健康保険被保険者資格証明書がない場合は、病院の窓口で事情を説明して、いったん自費で受診します。後日健康保険証が届いてから医療機関で還付手続きを行うと、支払った自己負担分の払い戻しが受けられます。
社会保険の手続き以外にも、税金や失業手当など、転職時にはさまざまな手続きが必要になる場合があります。ここでは、転職時に発生しうる3つの手続きについて詳しく解説します。転職のタイミングによって必要な手続きが異なるため、しっかりと確認しておきましょう。

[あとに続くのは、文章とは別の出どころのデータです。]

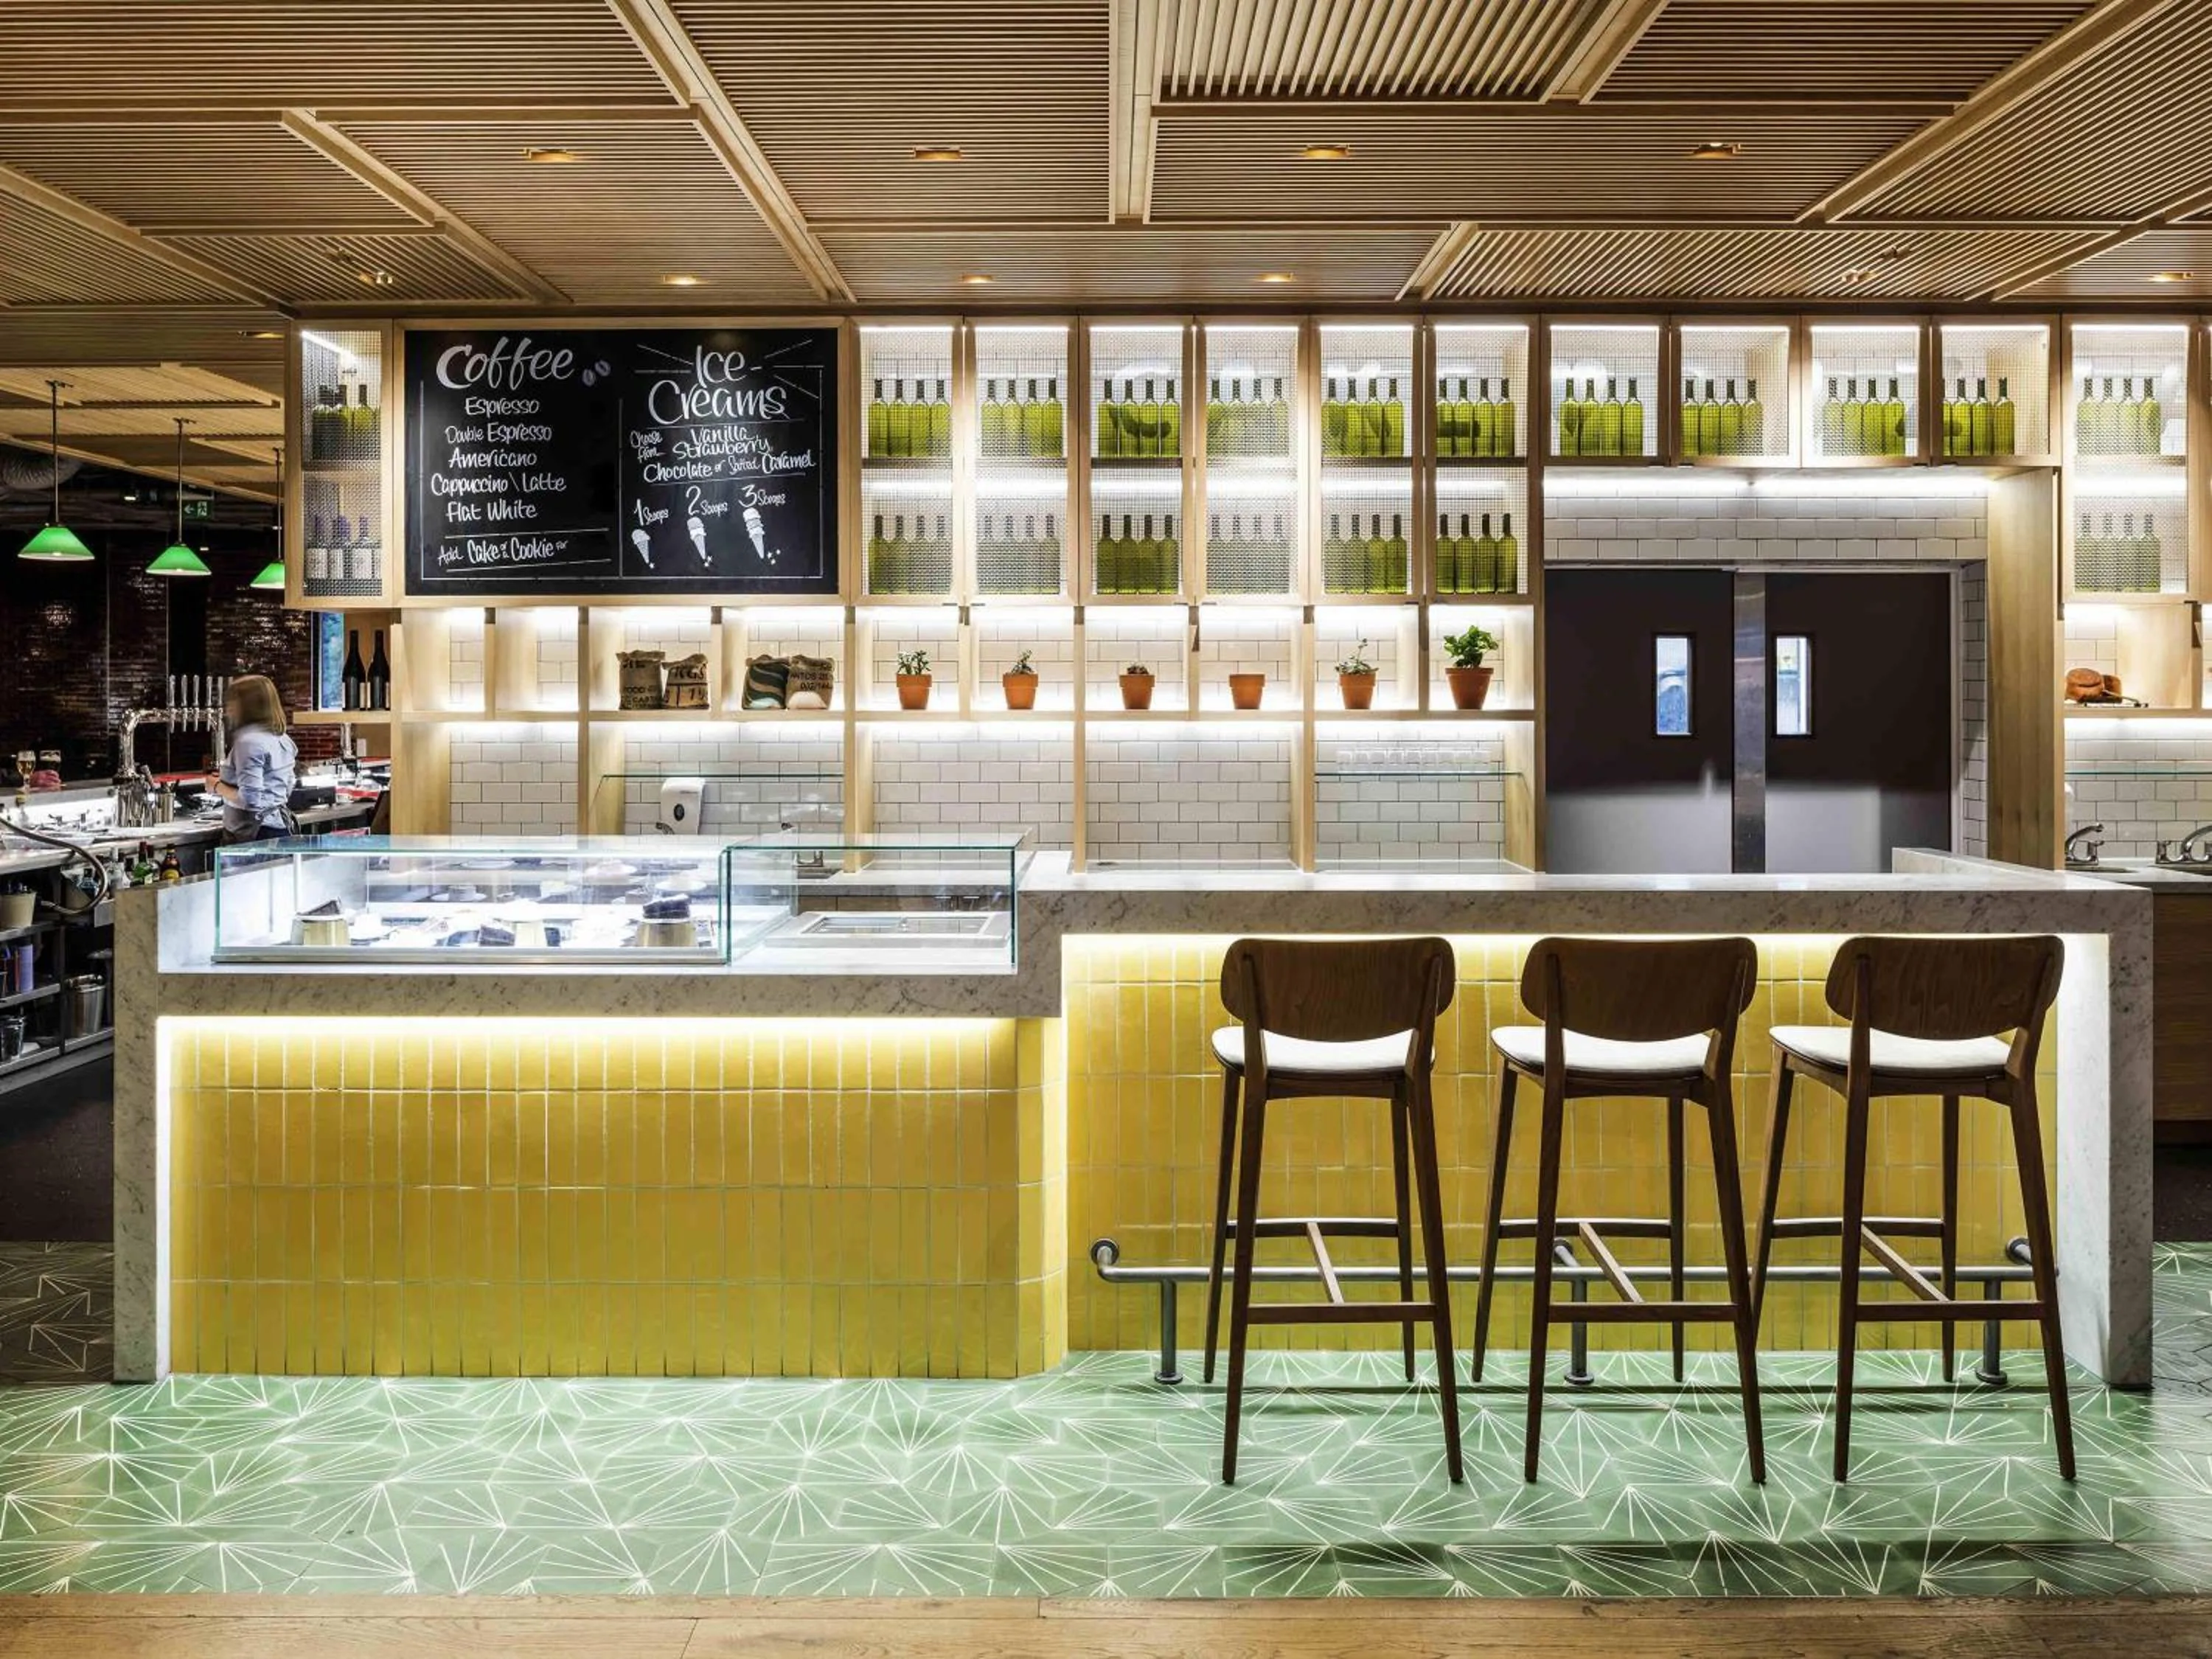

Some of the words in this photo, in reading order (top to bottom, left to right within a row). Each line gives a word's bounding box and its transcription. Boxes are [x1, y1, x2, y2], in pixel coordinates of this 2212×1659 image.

転職時の住民税の納付方法は、特別徴収と普通徴収の2種類があります。特別徴収は、勤務先の会社が毎月の給与から住民税を天引きして納付する方法です。一方、普通徴収は、自分で納付書を使って納付する方法です。年の途中で転職する場合、退職前に所定の手続きを行えば、特別徴収を継続できます。
しかし、退職してから入社まで空白期間がある場合は、一度普通徴収に切り替わります。ただし、年末に転職する場合は、前職の会社が1年分の住民税を特別徴収で納付するため、自分で納付する必要はありません。転職のタイミングによって、住民税の納付方法が変わることを覚えておきましょう。
所得税の申告は、通常1年間の所得に対して行います。しかし、年内に転職した場合は、新しい勤務先で年末調整をしてもらえるので、自分で確定申告をする必要はありません。一方、離職期間のまま年を越してしまった場合は、自分で確定申告の手続きを行う必要があります。
確定申告が必要になるのは、12月30日以前に退職した場合や、複数の会社から給与を受け取っていて、年末調整だけでは所得税が過不足になる可能性がある場合です。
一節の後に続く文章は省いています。